• **What the exercise asks**: Without any alteration, retype the records that appear below.

(Items from a dataset)

# # # # # # #

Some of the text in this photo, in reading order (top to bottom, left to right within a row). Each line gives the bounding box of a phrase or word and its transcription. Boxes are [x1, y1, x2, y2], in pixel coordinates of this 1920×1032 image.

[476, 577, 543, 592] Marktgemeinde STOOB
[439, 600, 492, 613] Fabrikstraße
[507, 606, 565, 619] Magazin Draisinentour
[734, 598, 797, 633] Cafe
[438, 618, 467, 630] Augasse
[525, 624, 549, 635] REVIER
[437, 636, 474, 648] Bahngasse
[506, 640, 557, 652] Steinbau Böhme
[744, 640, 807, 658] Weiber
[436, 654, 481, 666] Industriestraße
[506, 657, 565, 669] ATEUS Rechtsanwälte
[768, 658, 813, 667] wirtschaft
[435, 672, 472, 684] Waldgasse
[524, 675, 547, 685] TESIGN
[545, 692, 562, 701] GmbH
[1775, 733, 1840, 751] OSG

# # # # # # #

• **Exercise result**:
Some of the text in this photo, in reading order (top to bottom, left to right within a row). Each line gives the bounding box of a phrase or word and its transcription. Boxes are [x1, y1, x2, y2], in pixel coordinates of this 1920×1032 image.

[476, 577, 543, 592] Marktgemeinde STOOB
[439, 600, 492, 613] Fabrikstraße
[507, 606, 565, 619] Magazin Draisinentour
[734, 598, 797, 633] Cafe
[438, 618, 467, 630] Augasse
[525, 624, 549, 635] REVIER
[437, 636, 474, 648] Bahngasse
[506, 640, 557, 652] Steinbau Böhme
[744, 640, 807, 658] Weiber
[436, 654, 481, 666] Industriestraße
[506, 657, 565, 669] ATEUS Rechtsanwälte
[768, 658, 813, 667] wirtschaft
[435, 672, 472, 684] Waldgasse
[524, 675, 547, 685] TESIGN
[545, 692, 562, 701] GmbH
[1775, 733, 1840, 751] OSG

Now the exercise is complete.